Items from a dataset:

:::::

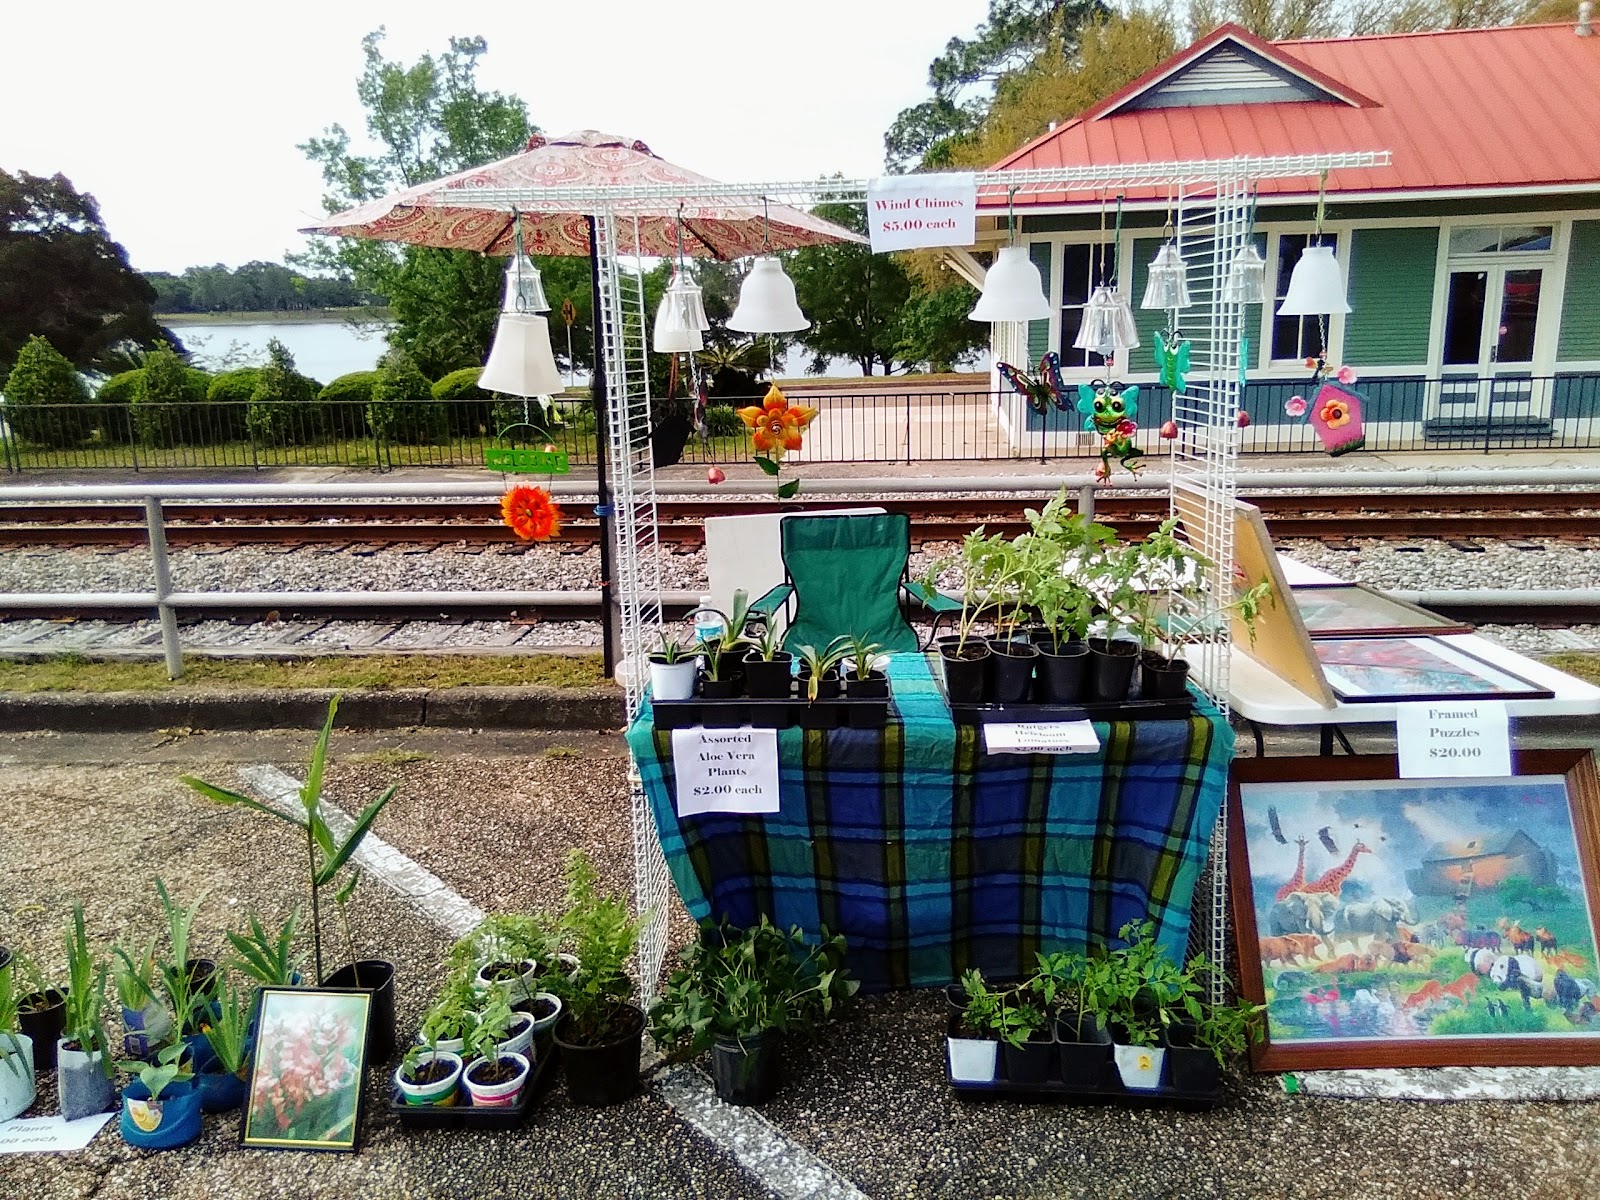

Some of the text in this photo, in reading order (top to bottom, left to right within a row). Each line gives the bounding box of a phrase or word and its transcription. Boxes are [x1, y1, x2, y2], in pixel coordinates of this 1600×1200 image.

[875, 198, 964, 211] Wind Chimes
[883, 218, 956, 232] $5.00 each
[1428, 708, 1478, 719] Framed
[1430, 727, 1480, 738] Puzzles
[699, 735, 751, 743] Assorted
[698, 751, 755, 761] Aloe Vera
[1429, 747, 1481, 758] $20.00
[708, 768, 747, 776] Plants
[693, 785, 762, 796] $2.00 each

:::::

No images belong in the copy. Transcribe every record exactly.

Some of the text in this photo, in reading order (top to bottom, left to right within a row). Each line gives the bounding box of a phrase or word and its transcription. Boxes are [x1, y1, x2, y2], in pixel coordinates of this 1600×1200 image.

[875, 198, 964, 211] Wind Chimes
[883, 218, 956, 232] $5.00 each
[1428, 708, 1478, 719] Framed
[1430, 727, 1480, 738] Puzzles
[699, 735, 751, 743] Assorted
[698, 751, 755, 761] Aloe Vera
[1429, 747, 1481, 758] $20.00
[708, 768, 747, 776] Plants
[693, 785, 762, 796] $2.00 each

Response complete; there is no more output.